Your goal ::
Each and every line below goes into your answer unchanged, but leave out the images.

Provided material ::
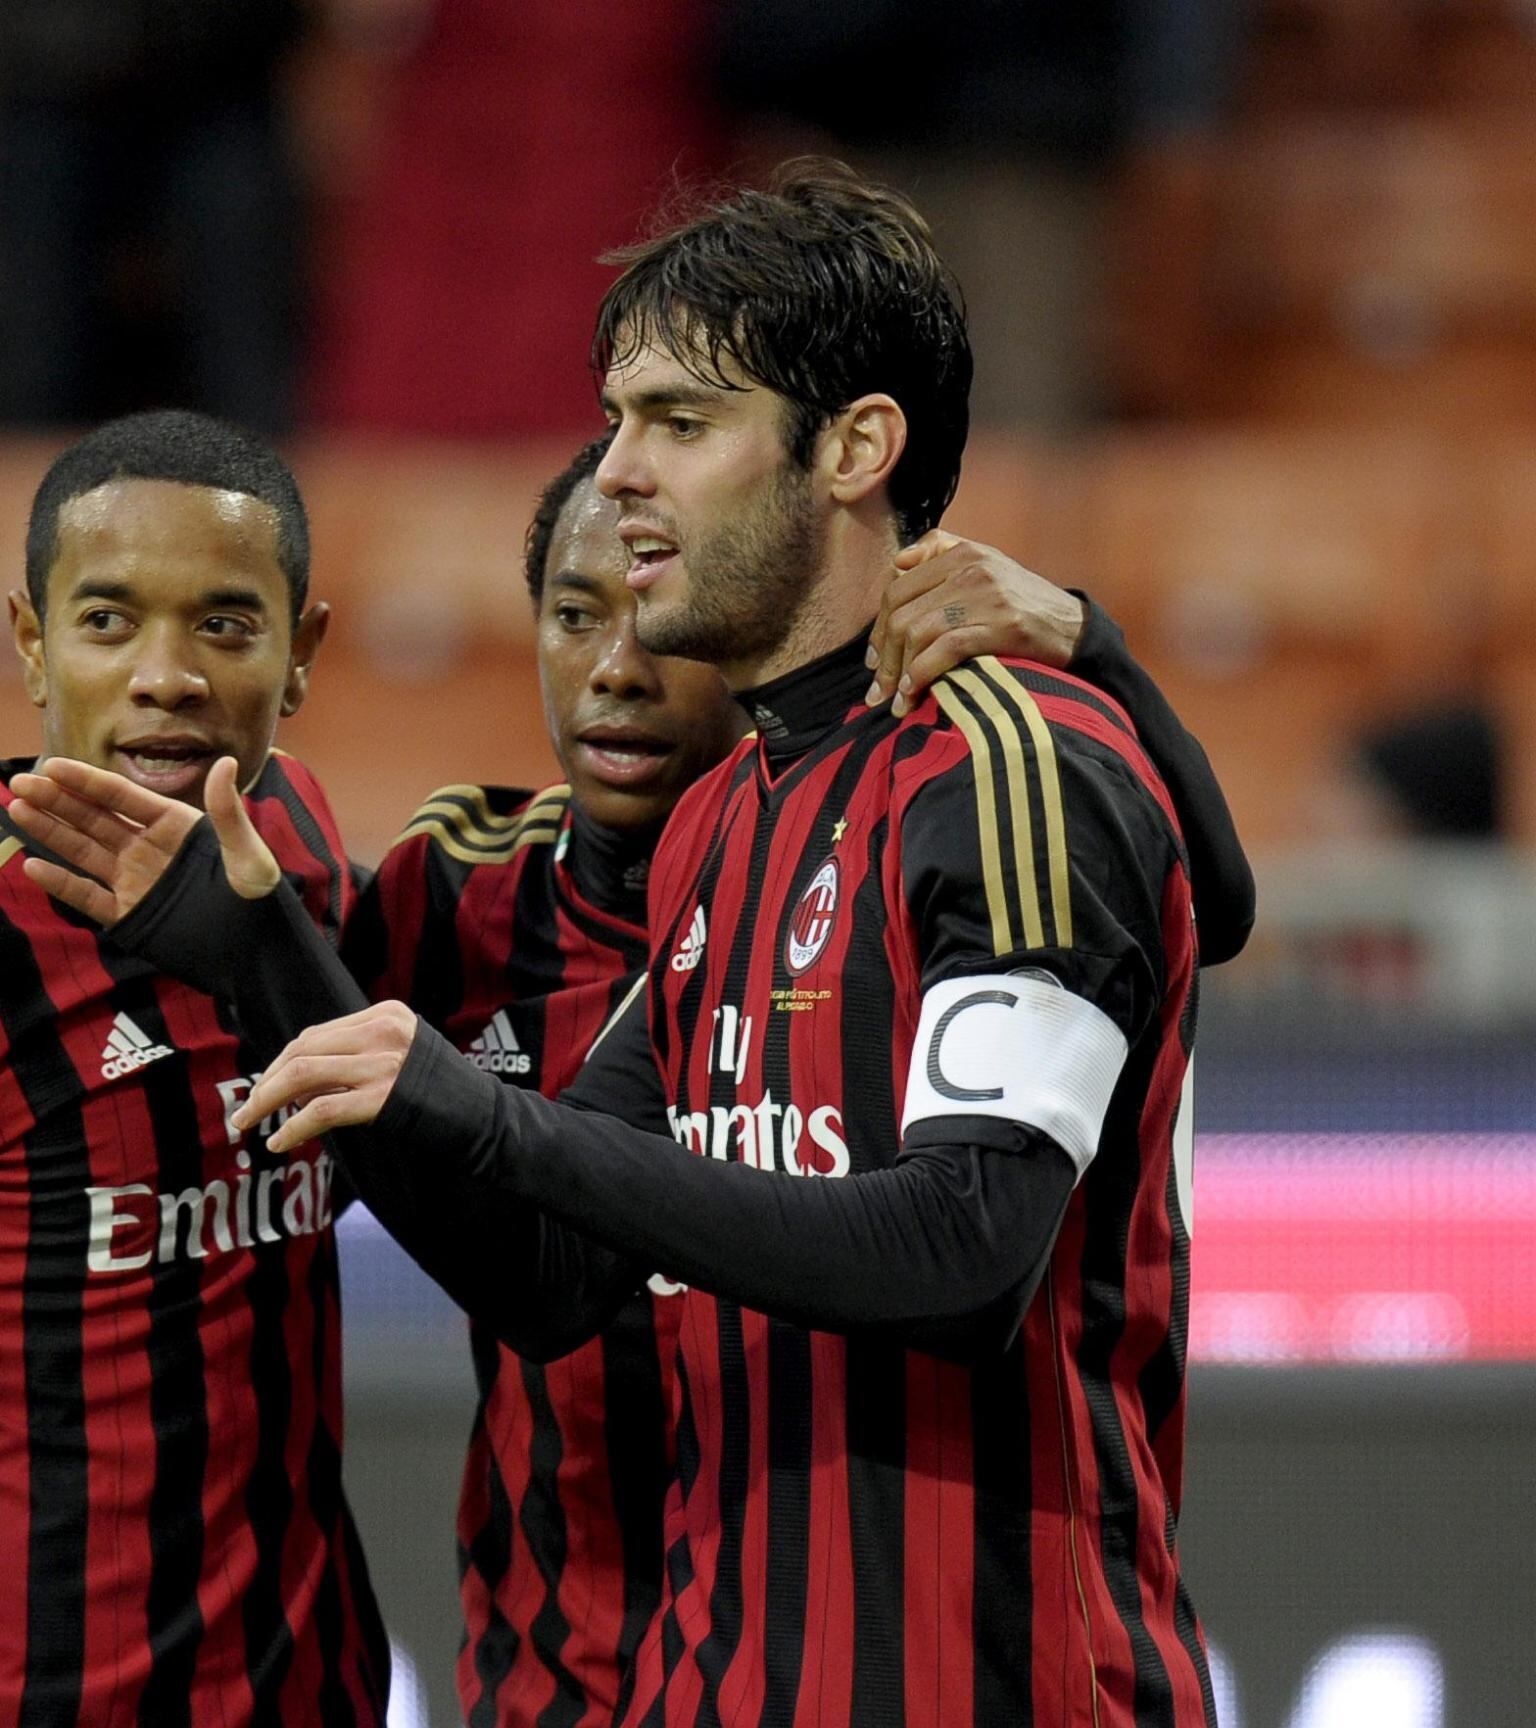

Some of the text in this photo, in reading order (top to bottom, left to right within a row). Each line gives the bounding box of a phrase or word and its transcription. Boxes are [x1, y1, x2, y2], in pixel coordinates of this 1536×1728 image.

[101, 1045, 175, 1080] adidas
[927, 990, 1019, 1101] C
[667, 1088, 851, 1179] mrates
[85, 1151, 334, 1272] Emirat

Written solution ::
Some of the text in this photo, in reading order (top to bottom, left to right within a row). Each line gives the bounding box of a phrase or word and its transcription. Boxes are [x1, y1, x2, y2], in pixel coordinates of this 1536×1728 image.

[101, 1045, 175, 1080] adidas
[927, 990, 1019, 1101] C
[667, 1088, 851, 1179] mrates
[85, 1151, 334, 1272] Emirat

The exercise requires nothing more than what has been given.